At the heart of his confusion lay the fact that he did not believe that any x-ray evidence existed that proved that the phosphate groups might somehow be located on the outside, rather than in the core, of the DNA molecule. Pauling did not believe that this evidence existed because he hadn’t seen it yet; crucially, Watson and Crick had. Indeed, from the point of their realization that Pauling had modeled the structure incorrectly, Watson and Crick worked fervently to once again convince Maurice Wilkins to provide them with Rosalind Franklin’s data.

(On one occasion, they met with Wilkins for lunch at the Crick home, where Peter could often be found for brunch on the weekends. On certain of these earlier brunch occasions, while in the home’s basement dining room, Watson and Crick discussed the feasibility of redoubling their efforts to model DNA while Peter, casually eating biscuits and sipping tea at the table, offered that if they didn’t do it soon, his father would take another shot at it.
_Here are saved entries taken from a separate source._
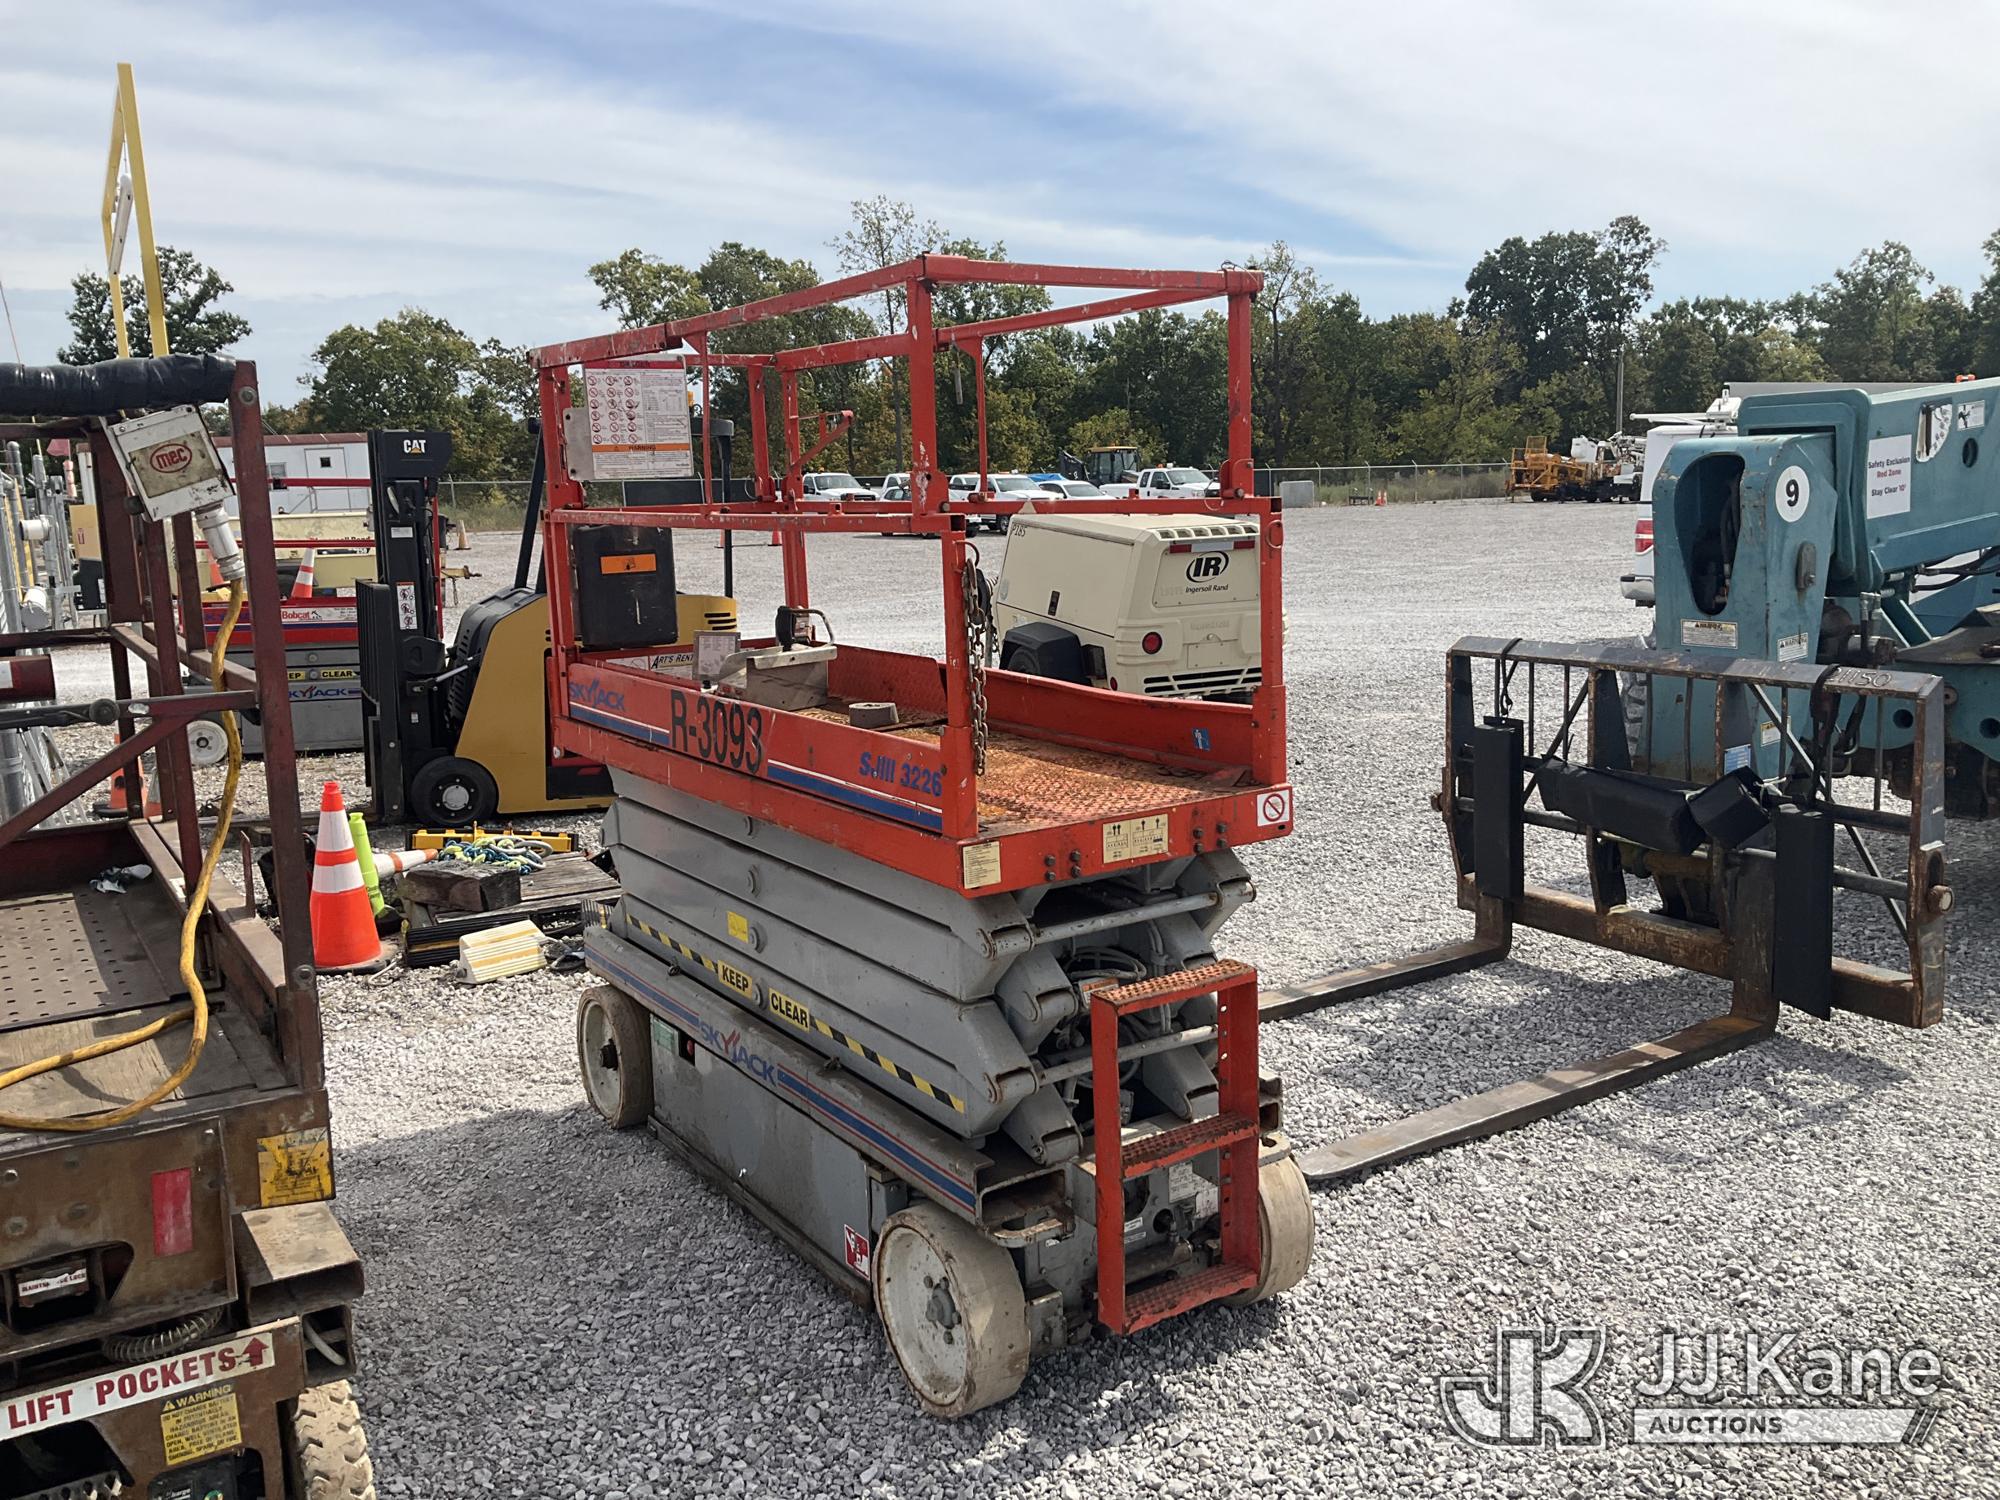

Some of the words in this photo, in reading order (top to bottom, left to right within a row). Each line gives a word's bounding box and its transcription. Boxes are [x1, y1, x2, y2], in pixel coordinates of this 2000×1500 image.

[403, 439, 426, 454] CAT
[1785, 478, 1800, 507] 9
[1193, 556, 1222, 578] IR
[1185, 584, 1212, 595] Ingersoll
[1213, 583, 1229, 592] Rand
[282, 610, 310, 620] Bobcat
[322, 670, 353, 678] CLEAR
[288, 685, 347, 698] KYJACK
[670, 688, 763, 775] R-3093
[900, 762, 943, 798] 3226
[722, 964, 749, 992] KEEP
[770, 992, 809, 1029] CLEAR
[700, 1020, 778, 1088] SKYJACK
[8, 1389, 73, 1430] LIFT
[95, 1347, 237, 1406] POCKETS
[176, 1384, 231, 1407] WARNING
After the embarrassment of a failed attempt, he assured them, Linus Pauling was a strong bet to get it right the second time around.)

Within a month’s time, and with Rosalind Franklin having left his lab, Wilkins finally consented to providing Watson and Crick with all of the relevant data that he had requested. This proved to be the final piece that the duo needed in building their correct structural model of DNA.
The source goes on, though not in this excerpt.